After the prototypes were built, about 30 pre-production models were built under the technical direction of Pasquale De Rosa. Mass production began thereafter. De Rosa reduced the production time from about 6000 hours to about 2000 hours after making hundreds of certified changes. The production models of the F.22 are certified in Italy, the United States, the United Kingdom, the Netherlands, France, and New Zealand.

== Variants ==

=== F.22/A ===
This variant has a 116 hp Textron Lycoming O-235-N2C engine and 105 L fuel tank. It can also come equipped with a retractable undercarriage.

=== F.22/B Pinguino ===
This variant has a 160 hp Textron Lycoming O-235-N2C engine and 135 L fuel tank. It can also come equipped with a retractable undercarriage.

=== F.22/C Pinguino ===
This is the high-powered variant, as detailed in the specifications section.
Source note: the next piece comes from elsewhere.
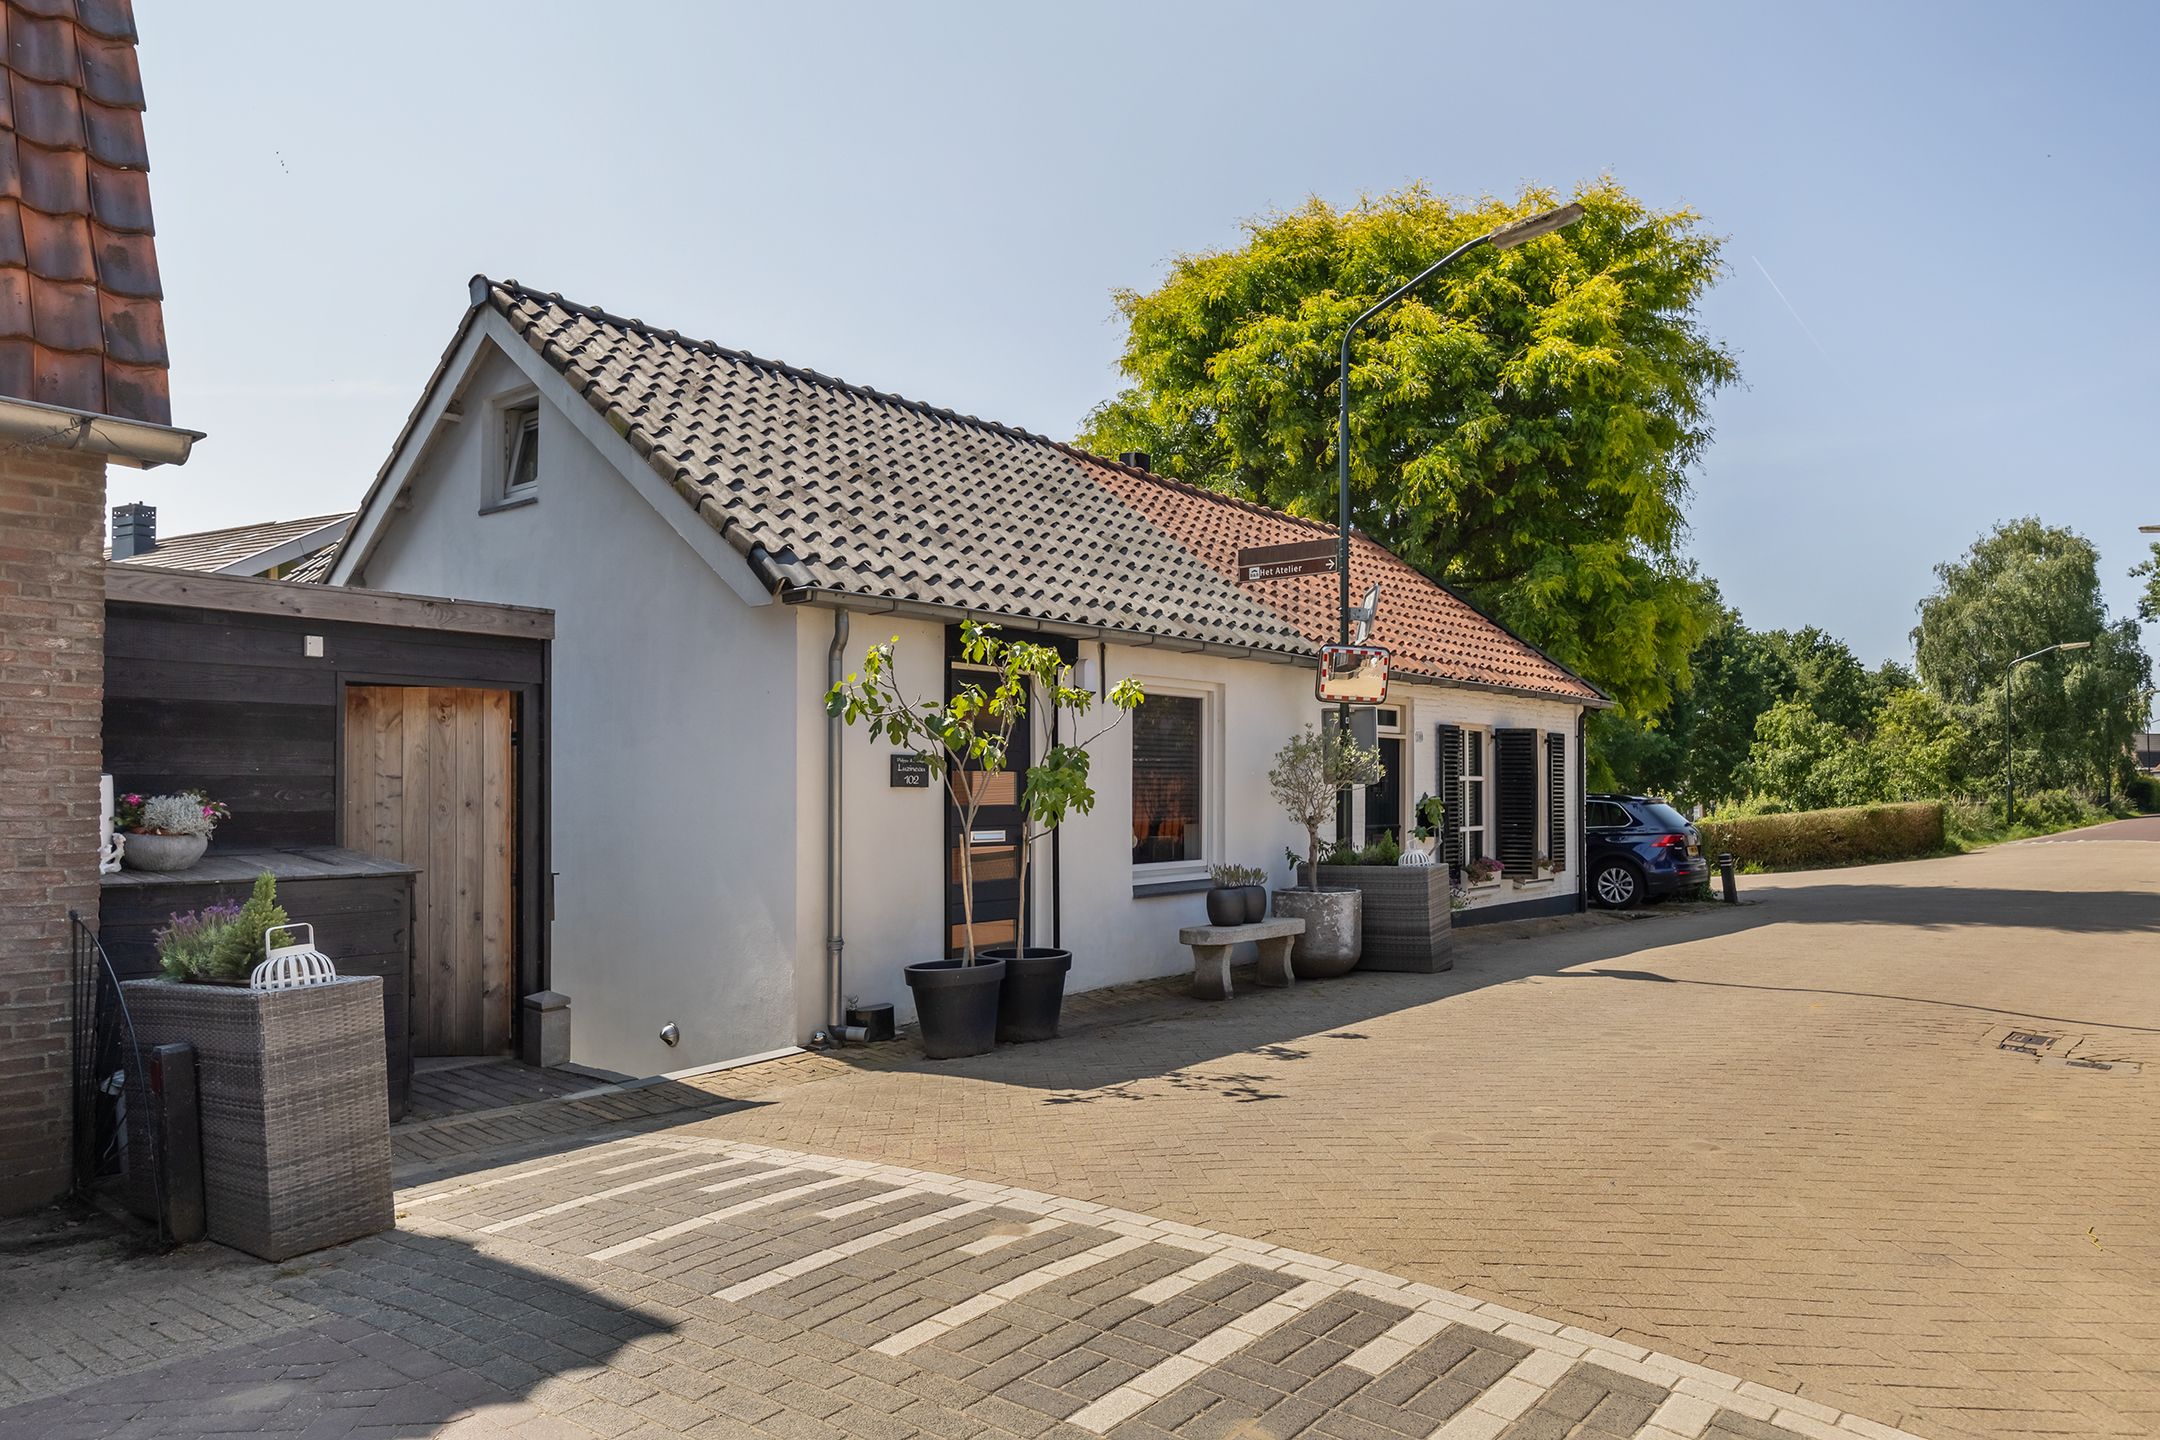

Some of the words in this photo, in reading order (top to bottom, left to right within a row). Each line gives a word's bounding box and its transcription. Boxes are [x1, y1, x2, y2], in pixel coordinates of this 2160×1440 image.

=== F.22/R Pinguino-Sprint ===
This variant has a 160 hp Textron Lycoming O-320-D1A engine, a constant-speed propeller, and retractable undercarriage.

=== F.220 Airone ===
This is a four-seat prototype of the F.22 with doors and a cabin rather than a sliding canopy. It has a 200 hp IO-360-A1A engine and 245 L fuel tank. Full development was delayed.

==Bibliography==
- Taylor, Michael. Brassey's World Aircraft & Systems Directory 1996/97. London:Brassey's, 1996. ISBN 1-85753-198-1.